No meu tempo…

Recentemente o comediante Jerry Seinfeld (que dependendo da sua idade pode ser um dos mais famosos de todos os tempos ou um aleatório) se enfiou em uma polêmica ao dizer que a comédia na TV estava morrendo por excesso de lacração e patrulhamento. Não faltou histeria contra a opinião, mas também tivemos alguns argumentos interessantes: isso tem mais a ver com a TV morrendo do que com o humor “perdendo a graça”.

Em tempos de polarização, é muito fácil enfiar os dois pés na lama de uma discussão política, não importa para qual lado você penda. Ou os jovens/esquerdistas são uns ofendidos profissionais ou os velhos/direitista são literalmente o Hitler. Então, até mesmo nós olhando isso um pouco mais de fora podemos cair nessa armadilha.

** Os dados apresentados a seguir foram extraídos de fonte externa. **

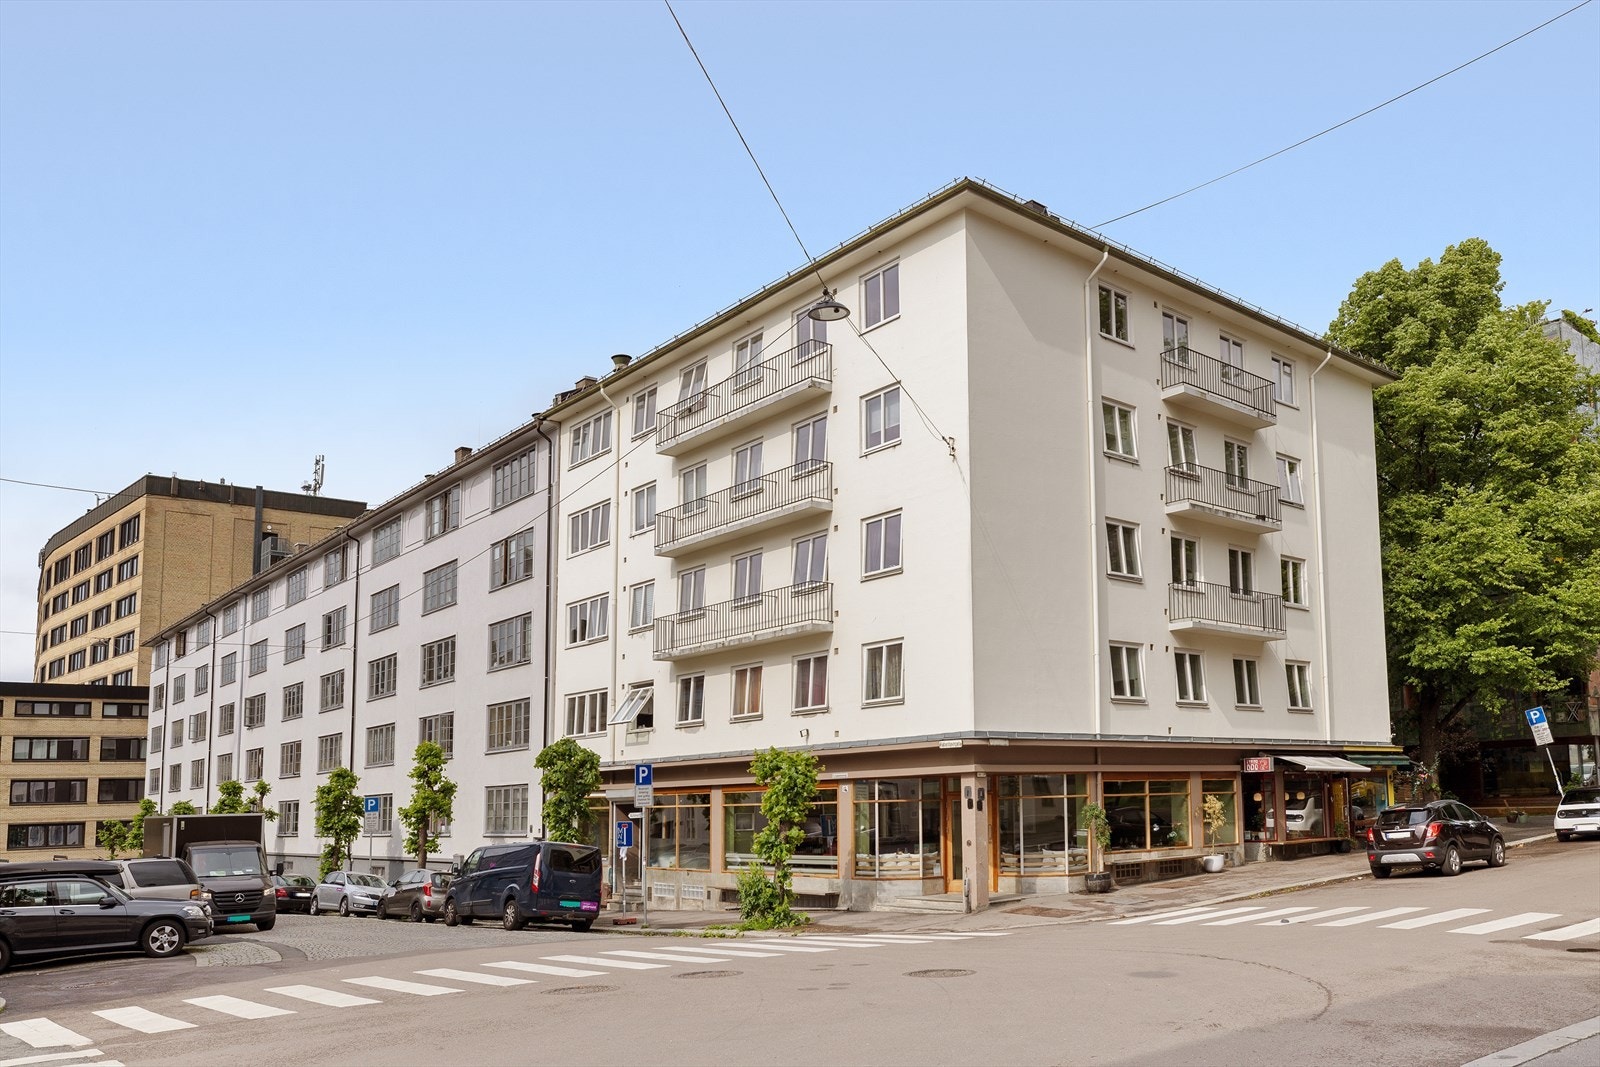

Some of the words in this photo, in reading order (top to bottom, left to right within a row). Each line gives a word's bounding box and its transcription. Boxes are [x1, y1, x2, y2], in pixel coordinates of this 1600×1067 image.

[1529, 710, 1540, 723] P
[639, 766, 649, 783] P
[367, 799, 376, 811] P

Explico: evidente que eu e você temos uma opinião sobre o estado do humor “mainstream”, cada um de nós tem seu próprio senso de humor. E esse senso de humor é altamente influenciado pelas nossas crenças e experiências, afinal, tem que mexer com a gente de alguma forma para ter graça. Tem coisa que eu acho engraçada que eu sei que quase ninguém acha, inclusive gente próxima que é muito compatível em outros aspectos.

O que você acha engraçado não é necessariamente o que você tem como visão política ou senso de moralidade e ética. O senso de humor até pode ser um bom guia de quanta inteligência e cultura tem na pessoa, afinal, piadas dependem de algum conhecimento prévio para ser subvertido, mas no final das contas é algo muito próprio seu. As combinações que tornam algo engraçado são baseadas na vida que você vive.

E esse tipo de humor personalíssimo tem uma característica temporal inescapável: seu pacote de ideias e referências é formado dentro de uma cultura geral que reflete bastante os anos nos quais você viveu. Quem vem dos anos 80 viu um mundo muito diferente de quem vem dos anos 2000. É normal que alguém como eu ache algumas coisas engraçadas que pessoas mais novas não entendem como humor, e vice-versa.

Quando eu vejo humor dos anos 60 e 70 do século passado, eu percebo claramente que algo não encaixa. Alguns expoentes ainda funcionam, é claro, mas a média do que passava por sitcom ou programa de esquetes naquele tempo não é “afiada” o suficiente para o que eu aprendi como engraçado. Mas isso não quer dizer que o povo não estava rindo muito com aquilo que eu mal registro como piada. Para a realidade deles, aquilo era humor eficiente.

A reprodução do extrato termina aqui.